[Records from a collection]
☆ ☆ ☆ ☆
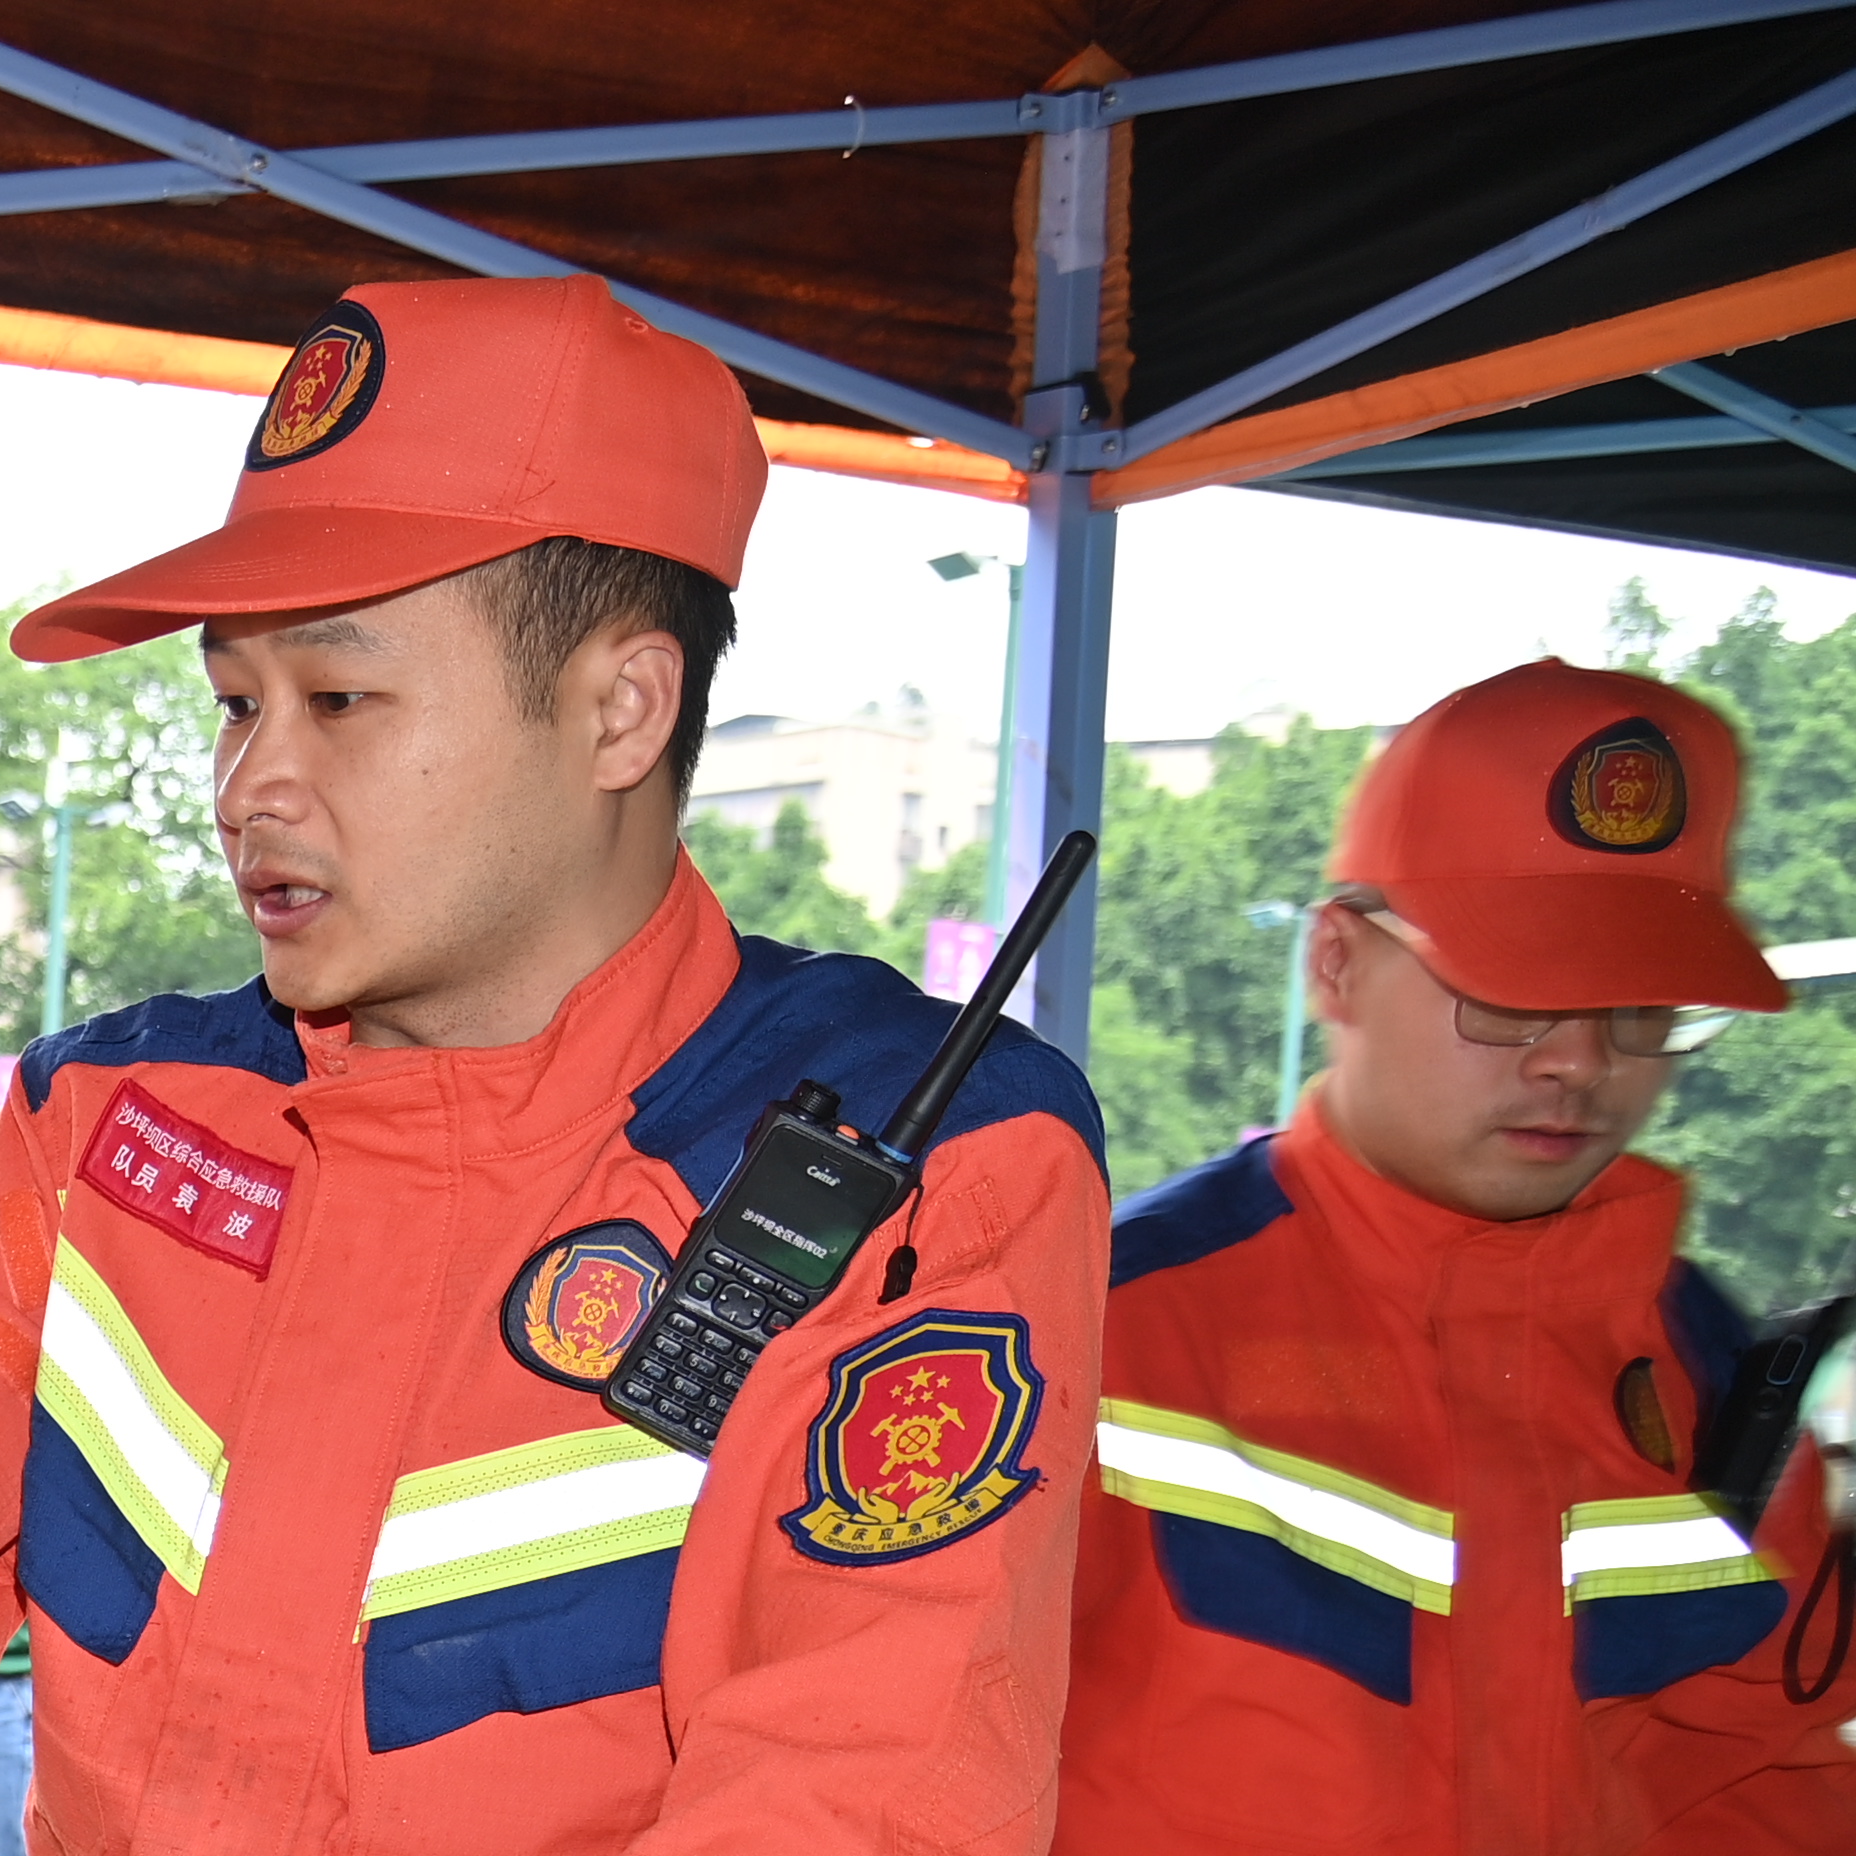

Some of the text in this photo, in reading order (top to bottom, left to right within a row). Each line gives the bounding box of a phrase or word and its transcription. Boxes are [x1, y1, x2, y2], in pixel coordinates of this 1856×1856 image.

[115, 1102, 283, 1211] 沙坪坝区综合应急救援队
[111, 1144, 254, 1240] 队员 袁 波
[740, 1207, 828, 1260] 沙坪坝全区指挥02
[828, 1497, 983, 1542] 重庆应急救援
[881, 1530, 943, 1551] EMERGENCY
☆ ☆ ☆ ☆
Output all of the records word for word, and keep the pictures out of the copy.

Some of the text in this photo, in reading order (top to bottom, left to right within a row). Each line gives the bounding box of a phrase or word and its transcription. Boxes are [x1, y1, x2, y2], in pixel coordinates of this 1856×1856 image.

[115, 1102, 283, 1211] 沙坪坝区综合应急救援队
[111, 1144, 254, 1240] 队员 袁 波
[740, 1207, 828, 1260] 沙坪坝全区指挥02
[828, 1497, 983, 1542] 重庆应急救援
[881, 1530, 943, 1551] EMERGENCY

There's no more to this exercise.